Every word in the data below belongs in your copy, exactly as given; the pictures do not.

### DATA EXCERPTS

====

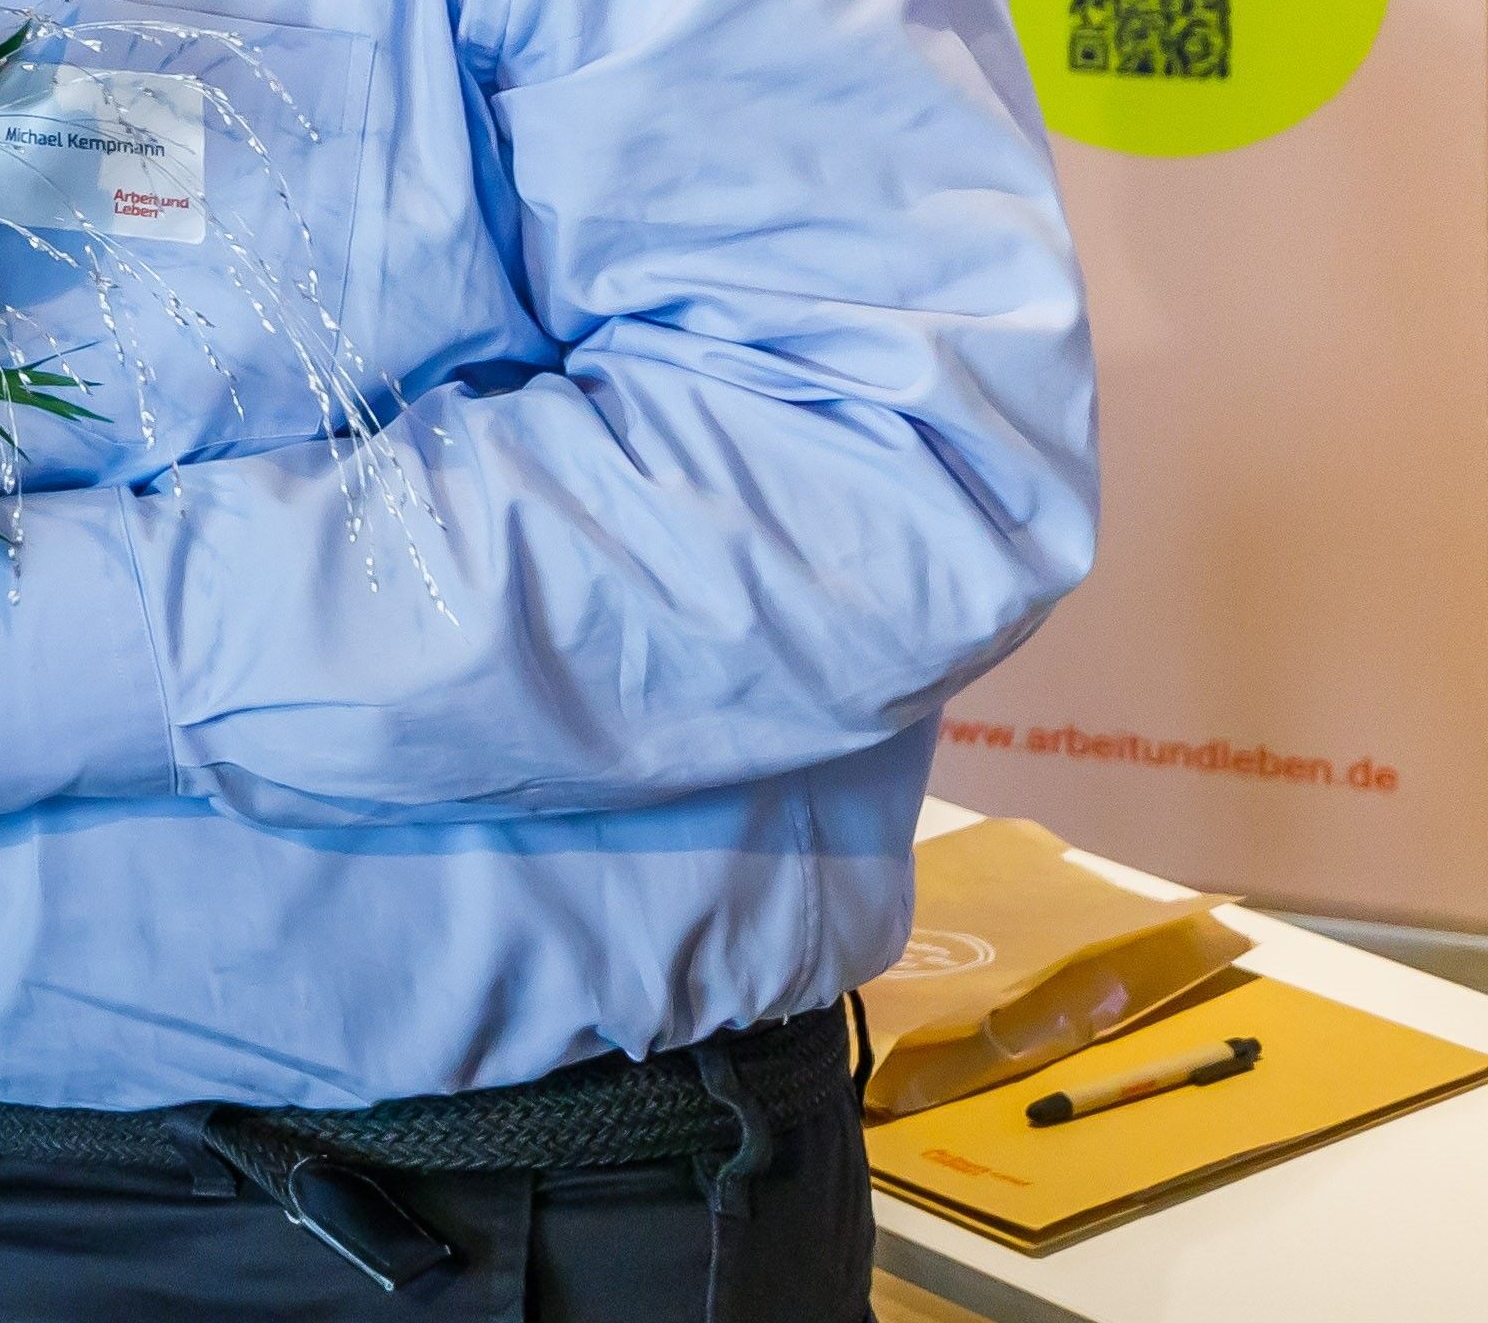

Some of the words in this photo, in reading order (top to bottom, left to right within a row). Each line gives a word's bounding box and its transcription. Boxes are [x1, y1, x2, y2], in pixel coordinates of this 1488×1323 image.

[5, 127, 64, 149] Michael
[68, 133, 166, 157] Kempmann
[114, 188, 159, 205] Arbeit
[161, 197, 190, 210] und
[114, 201, 160, 219] Leben
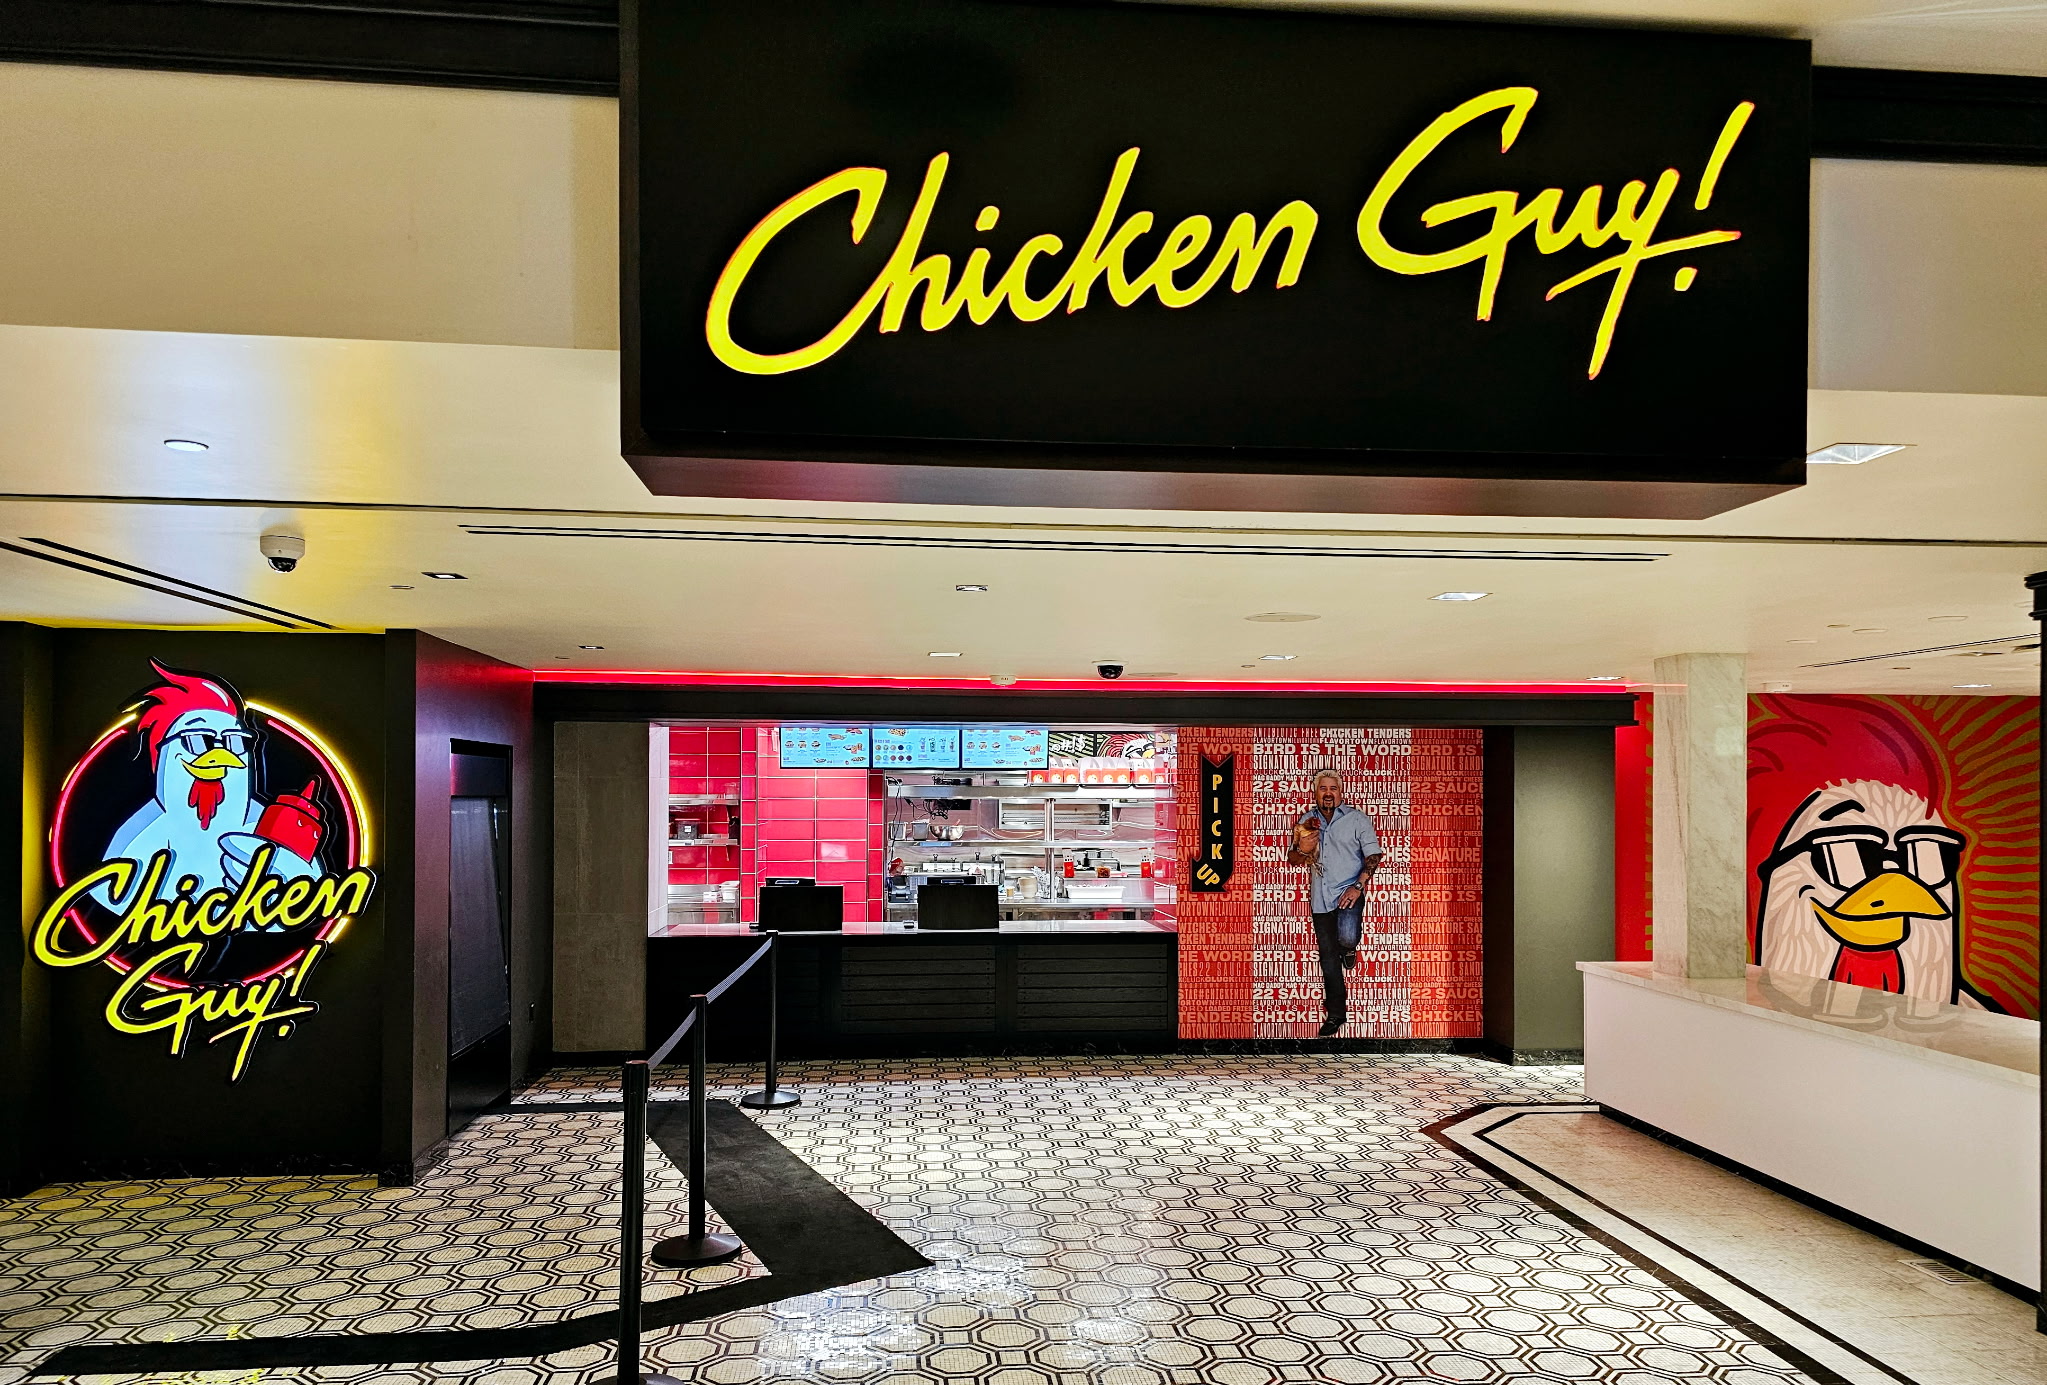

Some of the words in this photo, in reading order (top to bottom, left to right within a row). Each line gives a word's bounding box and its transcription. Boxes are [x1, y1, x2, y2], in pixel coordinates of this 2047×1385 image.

[705, 146, 1318, 375] Chicken
[1357, 86, 1755, 379] Guy!
[1209, 728, 1253, 737] TENDERS
[1320, 728, 1365, 738] CHICKEN
[1367, 728, 1412, 738] TENDERS
[1203, 743, 1253, 754] WORD
[1253, 744, 1296, 755] BIRD
[1301, 744, 1321, 755] IS
[1325, 744, 1357, 755] THE
[1361, 744, 1412, 755] WORD
[1411, 745, 1453, 755] BIRD
[1457, 745, 1477, 755] IS
[1253, 755, 1299, 770] SIGNATURE
[1303, 755, 1356, 770] SANDWICHES
[1375, 755, 1411, 770] SAUCES
[1253, 781, 1274, 792] 22
[1411, 782, 1431, 793] 22
[1211, 774, 1223, 859] PICK
[1411, 848, 1480, 862] SIGNATURE
[1197, 864, 1220, 885] UP
[1253, 890, 1296, 901] BIRD
[1411, 891, 1453, 901] BIRD
[1457, 891, 1477, 901] IS
[33, 846, 370, 967] Chicken
[1253, 922, 1307, 933] SIGNATURE
[1411, 922, 1464, 933] SIGNATURE
[1209, 934, 1253, 944] TENDERS
[1367, 934, 1412, 944] TENDERS
[1203, 951, 1253, 961] WORD
[1253, 951, 1296, 961] BIRD
[1301, 951, 1321, 961] IS
[1361, 951, 1412, 962] WORD
[1411, 951, 1453, 961] BIRD
[1457, 951, 1477, 961] IS
[1253, 962, 1299, 976] SIGNATURE
[1253, 989, 1274, 999] 22
[1347, 988, 1412, 999] AG#CHICKENGUY
[1411, 988, 1431, 999] 22
[105, 942, 323, 1081] Guy!
[1178, 1012, 1253, 1022] TENDERS
[1346, 1012, 1411, 1022] ENDERS

====

### SOLUTION BELOW
Some of the words in this photo, in reading order (top to bottom, left to right within a row). Each line gives a word's bounding box and its transcription. Boxes are [x1, y1, x2, y2], in pixel coordinates of this 1488×1323 image.

[5, 127, 64, 149] Michael
[68, 133, 166, 157] Kempmann
[114, 188, 159, 205] Arbeit
[161, 197, 190, 210] und
[114, 201, 160, 219] Leben

Some of the words in this photo, in reading order (top to bottom, left to right within a row). Each line gives a word's bounding box and its transcription. Boxes are [x1, y1, x2, y2], in pixel coordinates of this 2047×1385 image.

[705, 146, 1318, 375] Chicken
[1357, 86, 1755, 379] Guy!
[1209, 728, 1253, 737] TENDERS
[1320, 728, 1365, 738] CHICKEN
[1367, 728, 1412, 738] TENDERS
[1203, 743, 1253, 754] WORD
[1253, 744, 1296, 755] BIRD
[1301, 744, 1321, 755] IS
[1325, 744, 1357, 755] THE
[1361, 744, 1412, 755] WORD
[1411, 745, 1453, 755] BIRD
[1457, 745, 1477, 755] IS
[1253, 755, 1299, 770] SIGNATURE
[1303, 755, 1356, 770] SANDWICHES
[1375, 755, 1411, 770] SAUCES
[1253, 781, 1274, 792] 22
[1411, 782, 1431, 793] 22
[1211, 774, 1223, 859] PICK
[1411, 848, 1480, 862] SIGNATURE
[1197, 864, 1220, 885] UP
[1253, 890, 1296, 901] BIRD
[1411, 891, 1453, 901] BIRD
[1457, 891, 1477, 901] IS
[33, 846, 370, 967] Chicken
[1253, 922, 1307, 933] SIGNATURE
[1411, 922, 1464, 933] SIGNATURE
[1209, 934, 1253, 944] TENDERS
[1367, 934, 1412, 944] TENDERS
[1203, 951, 1253, 961] WORD
[1253, 951, 1296, 961] BIRD
[1301, 951, 1321, 961] IS
[1361, 951, 1412, 962] WORD
[1411, 951, 1453, 961] BIRD
[1457, 951, 1477, 961] IS
[1253, 962, 1299, 976] SIGNATURE
[1253, 989, 1274, 999] 22
[1347, 988, 1412, 999] AG#CHICKENGUY
[1411, 988, 1431, 999] 22
[105, 942, 323, 1081] Guy!
[1178, 1012, 1253, 1022] TENDERS
[1346, 1012, 1411, 1022] ENDERS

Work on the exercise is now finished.